One thing I'd caution people against is naively charging it with a block-level operation to "freshen" an old drive. I made that mistake and almost killed a drive. What apparently happened is that some NAND cells hadn't been written since either early in the drives service or maybe since it was manufactured. Those were the blocks that failed. When the drive discovered the errors, it relocated which blocks it could recover, thus burning through its reserve of remaining capacity. Once I noticed this, I halted the operation in time to see the reserve capacity was almost gone.
Then, what I did was to manually run Trim (Linux command:
fstrim
, which is safe to use on mounted filesystems). After that, I reran
badblocks
and it had no more errors. What
fstrim
does is to tell the drive's firmware which blocks don't hold any data. Apparently, doing this also causes the drive to rewrite them (probably with zeros or something) and that's why subsequently reading them no longer caused any errors.

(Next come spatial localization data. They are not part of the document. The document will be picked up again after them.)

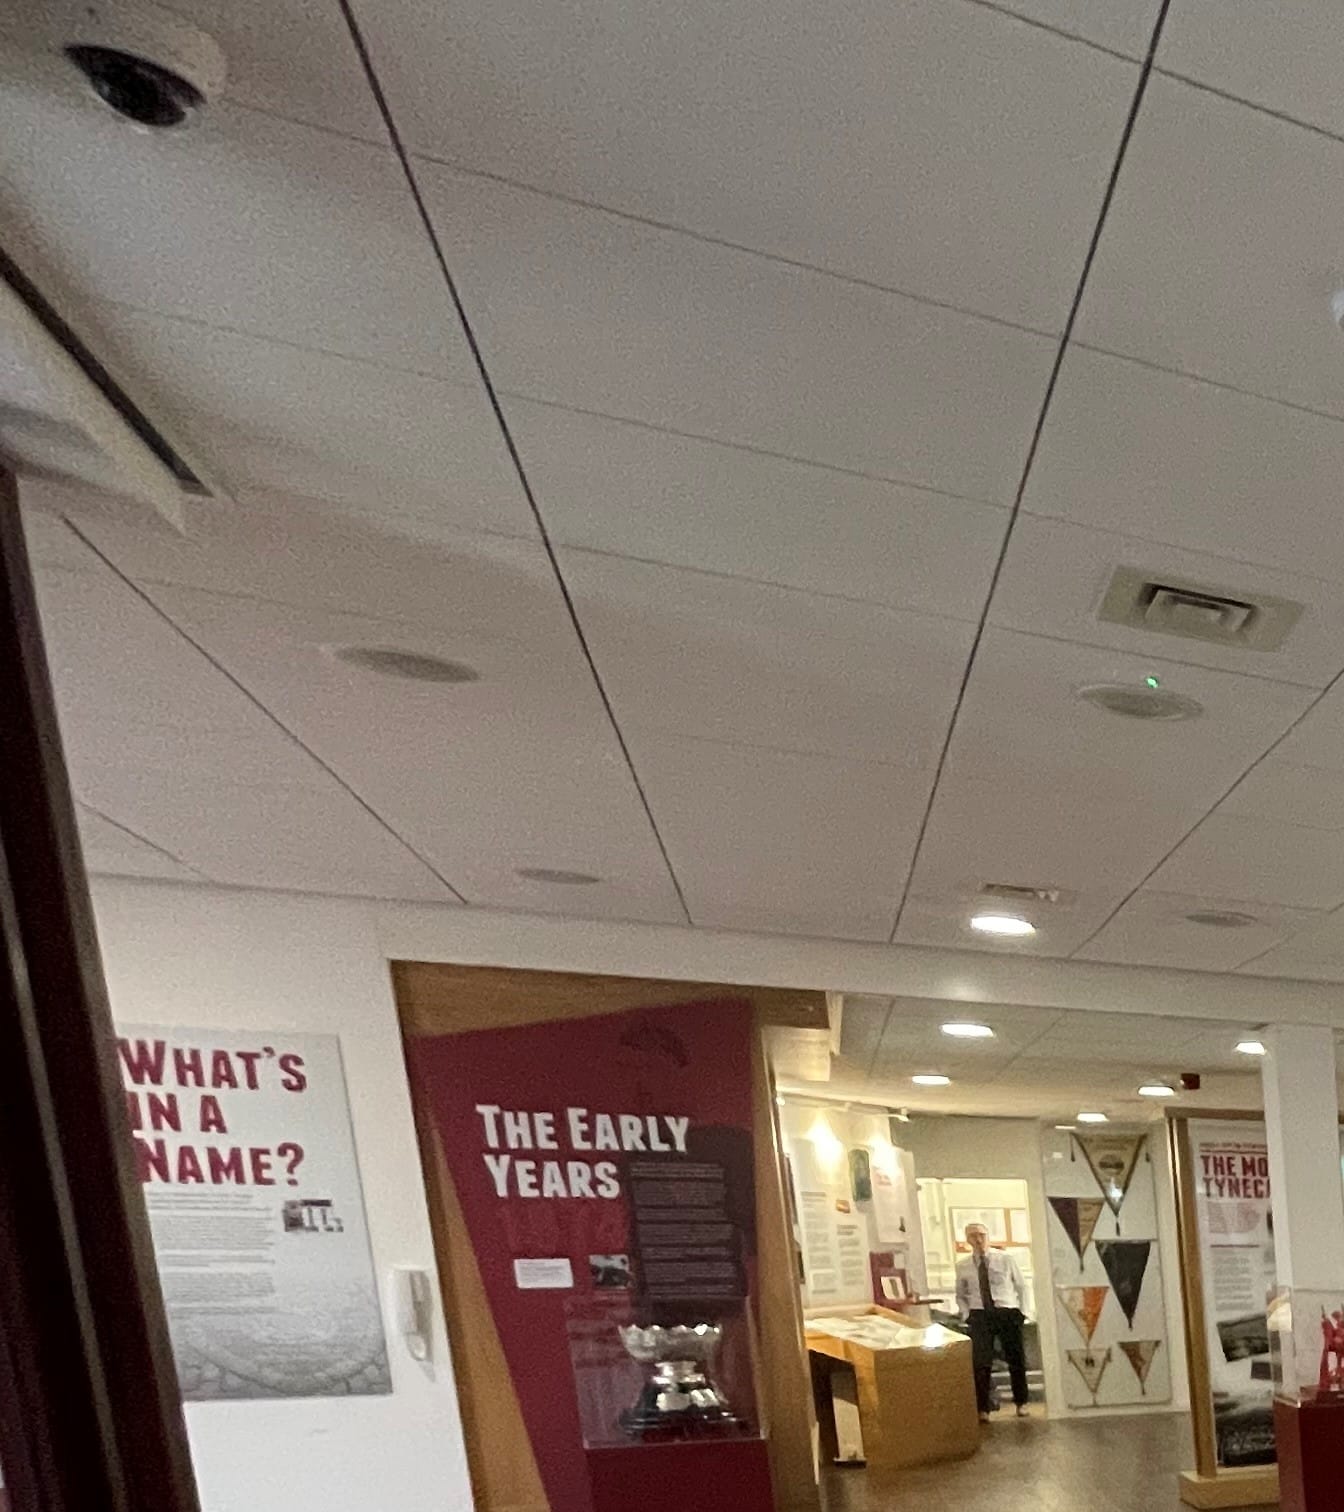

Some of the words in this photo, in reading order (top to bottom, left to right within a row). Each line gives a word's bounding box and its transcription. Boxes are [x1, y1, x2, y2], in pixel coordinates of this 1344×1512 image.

[116, 1038, 308, 1093] WHAT'S
[125, 1090, 182, 1133] IN
[199, 1094, 228, 1134] A
[475, 1103, 559, 1150] THE
[566, 1106, 689, 1154] EARLY
[134, 1137, 306, 1186] NAME?
[483, 1153, 622, 1199] YEARS
[1200, 1154, 1237, 1177] THE
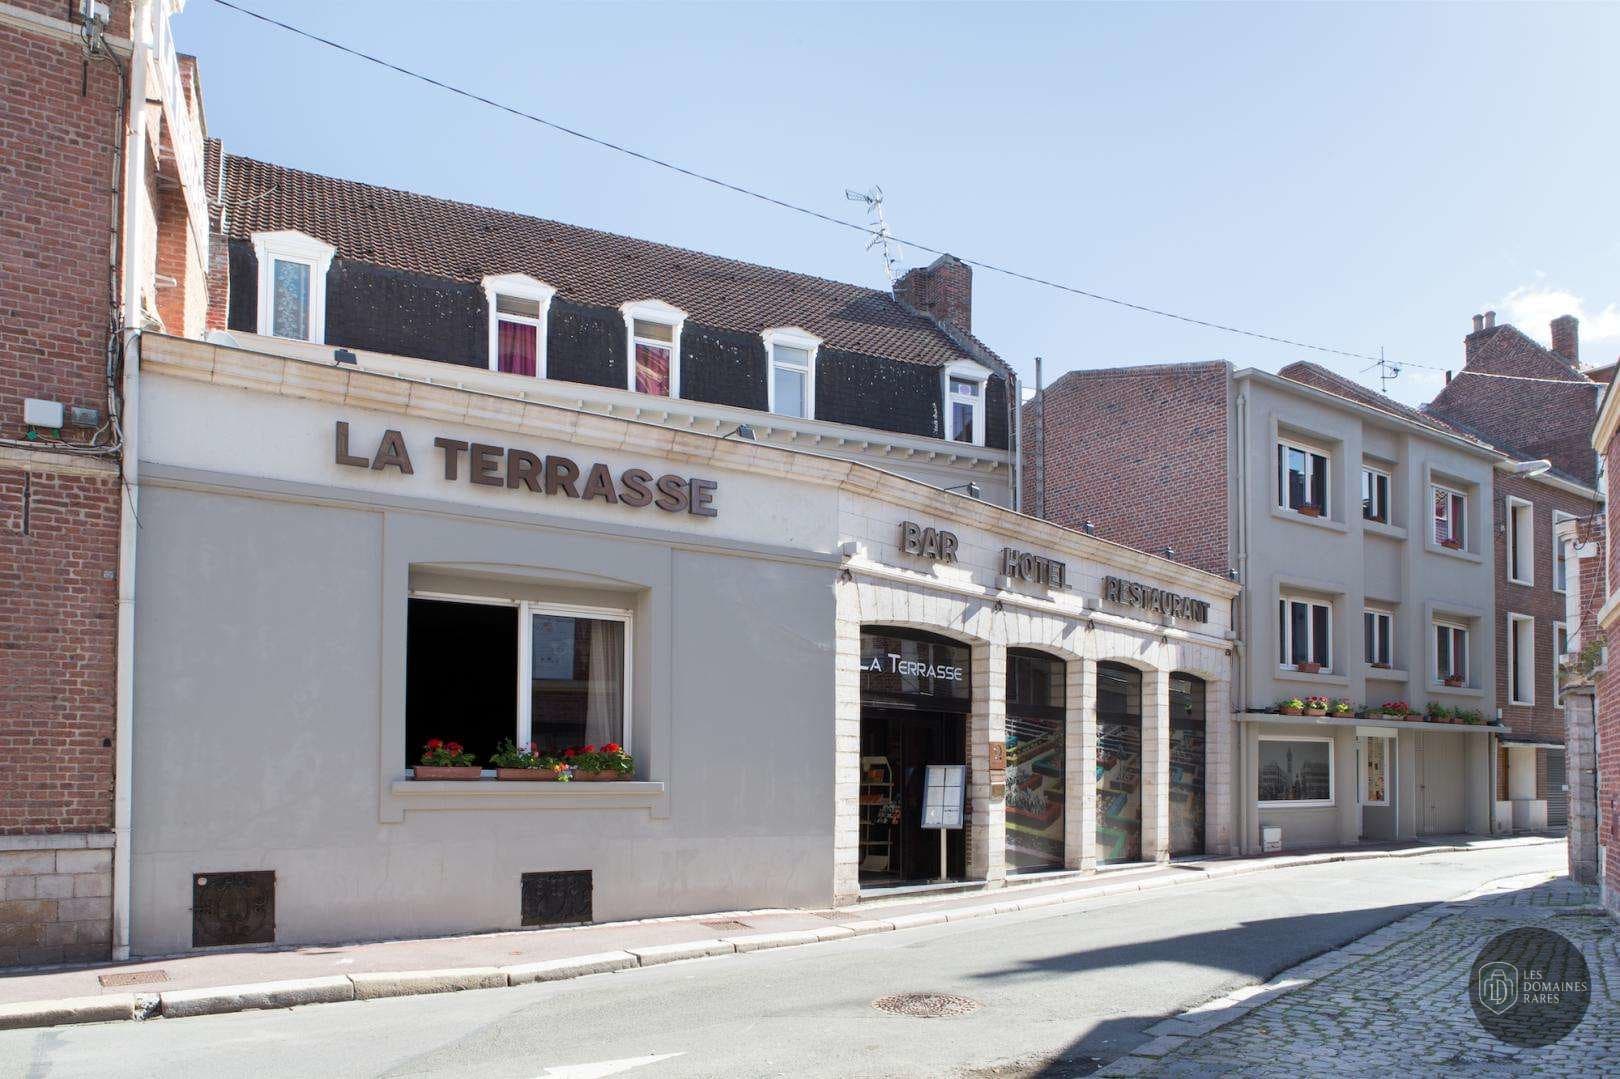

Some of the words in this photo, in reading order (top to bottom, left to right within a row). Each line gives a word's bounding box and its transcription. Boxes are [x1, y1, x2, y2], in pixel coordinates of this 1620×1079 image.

[335, 421, 414, 475] LA
[434, 437, 718, 517] TERRASSE
[900, 520, 959, 563] BAR
[1001, 547, 1072, 591] HOTEL
[1102, 575, 1211, 624] RESTAURANT
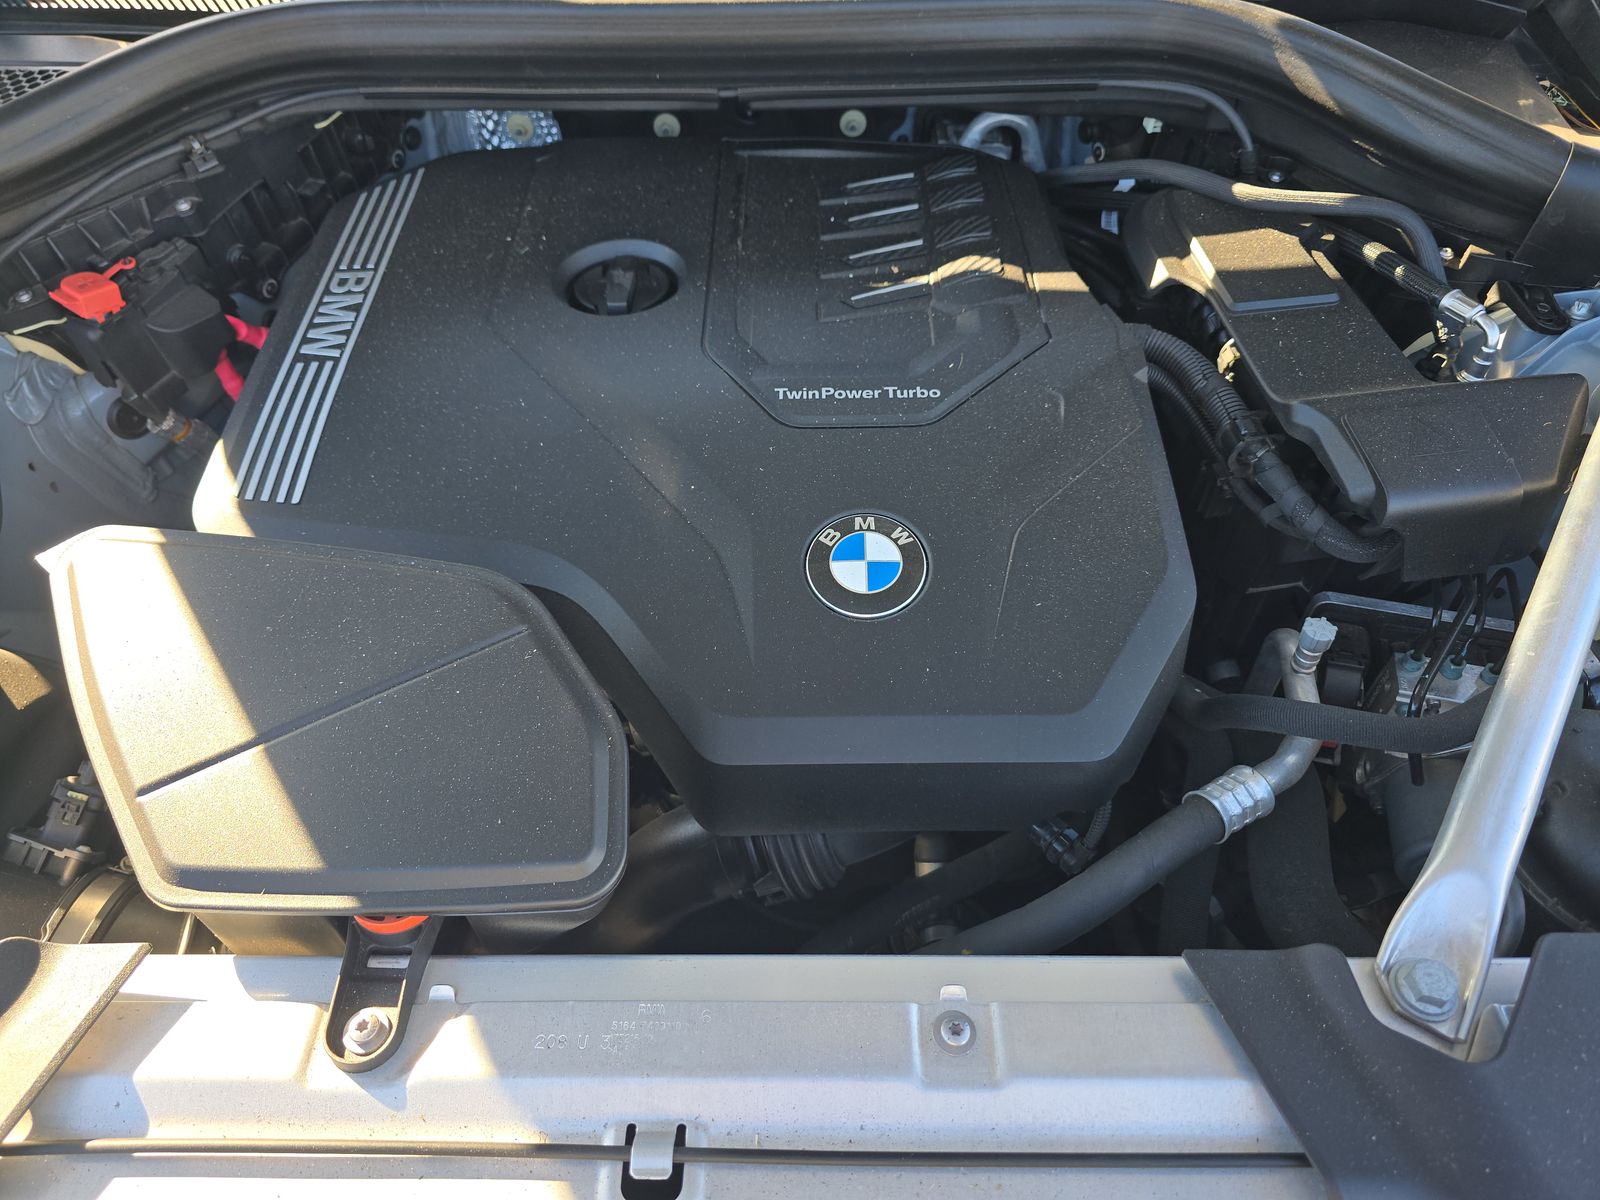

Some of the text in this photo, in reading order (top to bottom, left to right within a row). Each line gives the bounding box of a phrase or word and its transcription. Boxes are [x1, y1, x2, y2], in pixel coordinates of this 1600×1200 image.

[300, 271, 374, 358] BMW
[775, 386, 941, 400] TwinPower Turbo
[818, 516, 914, 547] BMW
[534, 1033, 568, 1050] 208
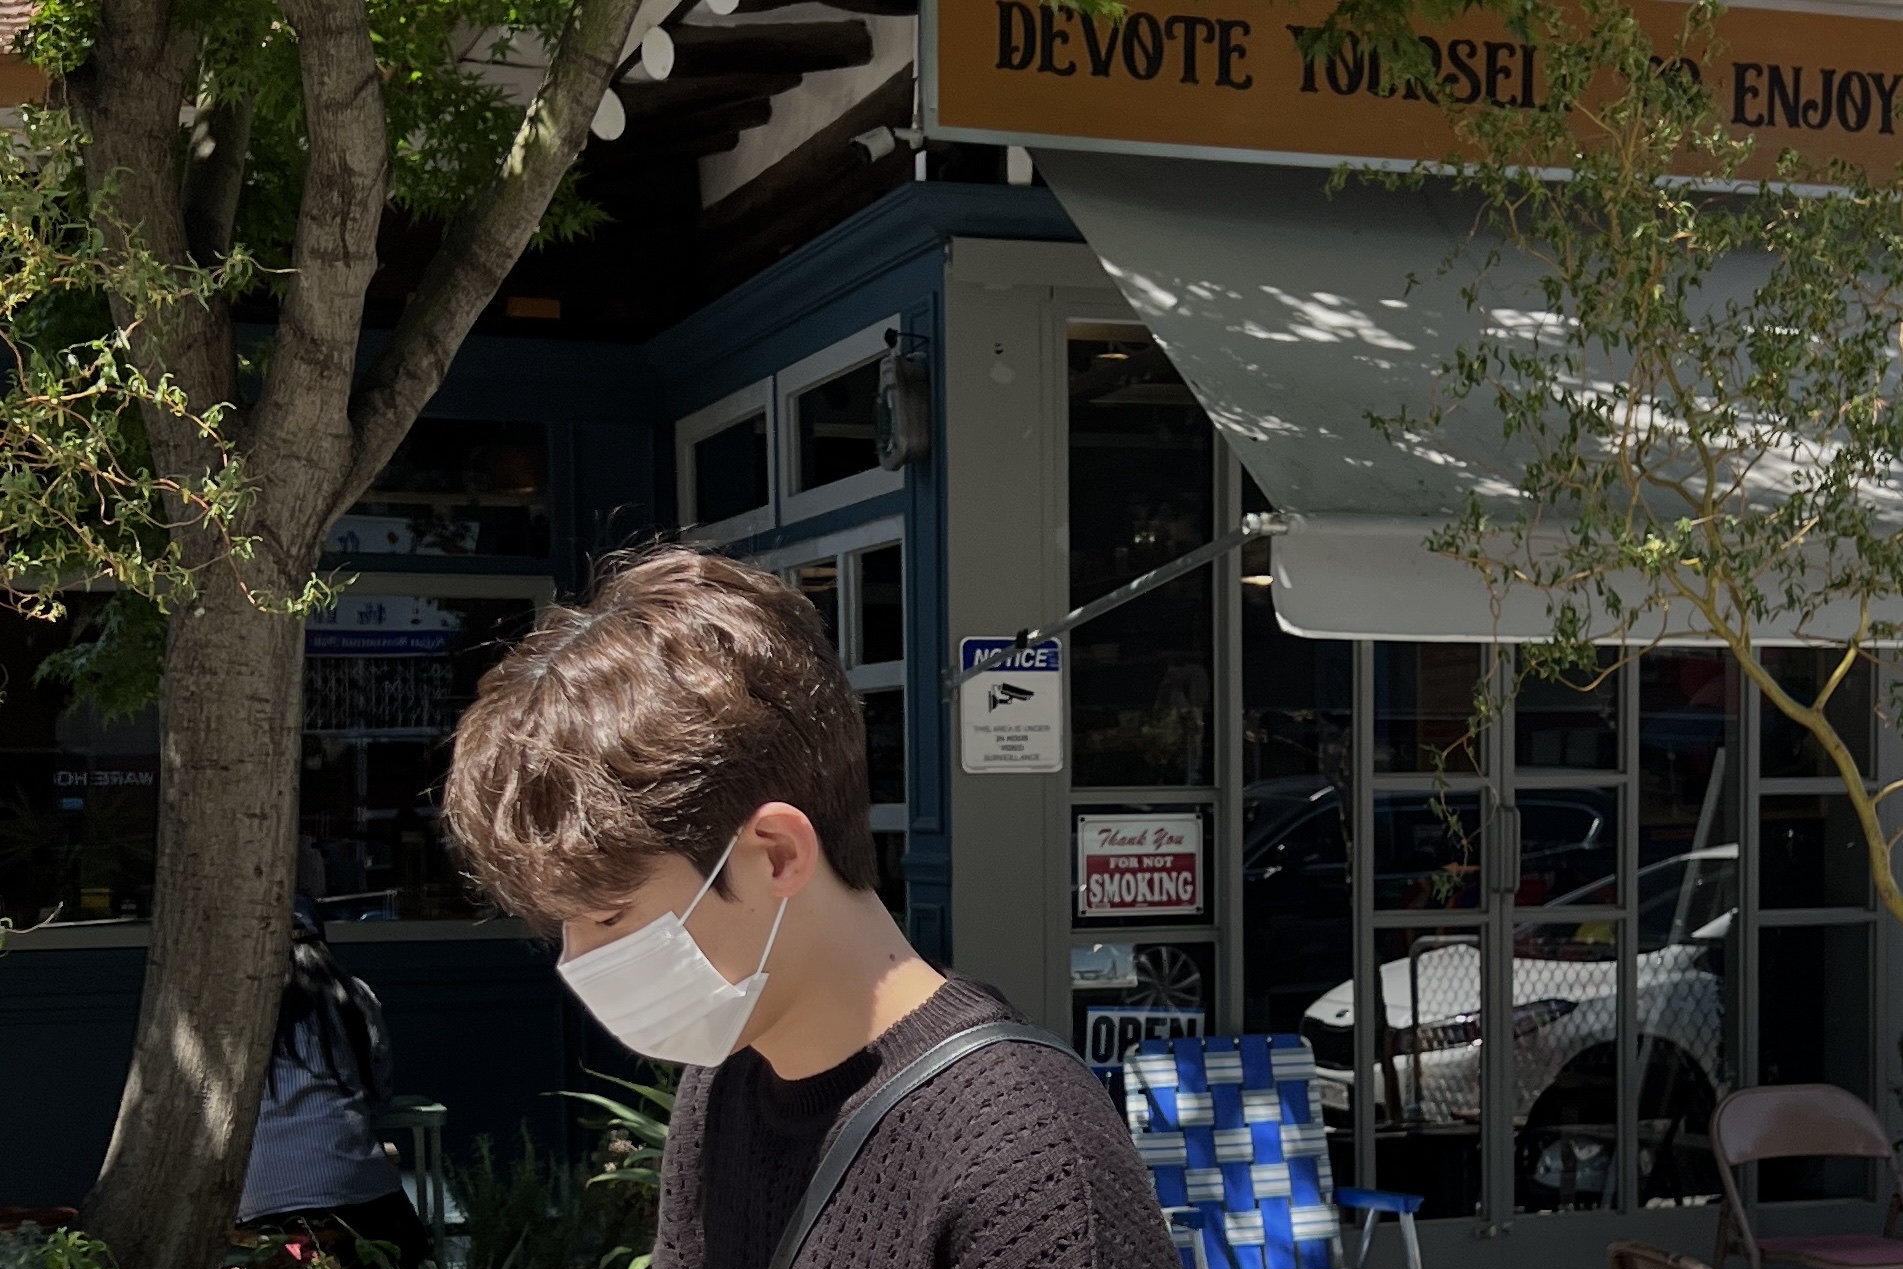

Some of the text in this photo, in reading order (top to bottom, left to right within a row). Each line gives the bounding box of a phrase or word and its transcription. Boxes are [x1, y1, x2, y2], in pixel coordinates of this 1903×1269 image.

[996, 1, 1253, 90] DEVOTE
[1731, 61, 1903, 134] ENJOY
[1097, 827, 1185, 850] Thank You
[1109, 855, 1174, 869] FOR NOT
[1089, 870, 1194, 904] SMOKING

BTW, this whole issue affects USB sticks and SD cards, not just SATA SSDs. Some of those support Trim, so make sure to try trimming
first, before doing a (preferably) file-level or block-level operation to freshen them.
I'd 'trust' HDD over SSD to not spontaneously lose the data,
Don't. I think they're not guaranteed to retain data in cold storage for any longer than the warranty period. I think retention is affected by temperature, so basement storage is much better than attic, although if your basement is very damp then maybe double-bag the drives with a fresh silica gel packet.
if it's a modern high capacity drive the helium could leak out
Fortunately, most drives don't contain helium. I think that's mainly used to improve energy efficiency, but it's a waste of a non-renewable resource. I sort of doubt loss of helium in your drive will affect its operation, but I don't know too much about this particular topic.
The SSD is more prone to loss but the HDD has all those moving parts to have something go wrong with.
With HDDs, what I worry about is an array failure. I run RAID-6, which means I can recover from up to 2 drive losses and effectively mitigates against mechanical failures, in small arrays. However, if the entire stack becomes corrupt, then you're still hosed.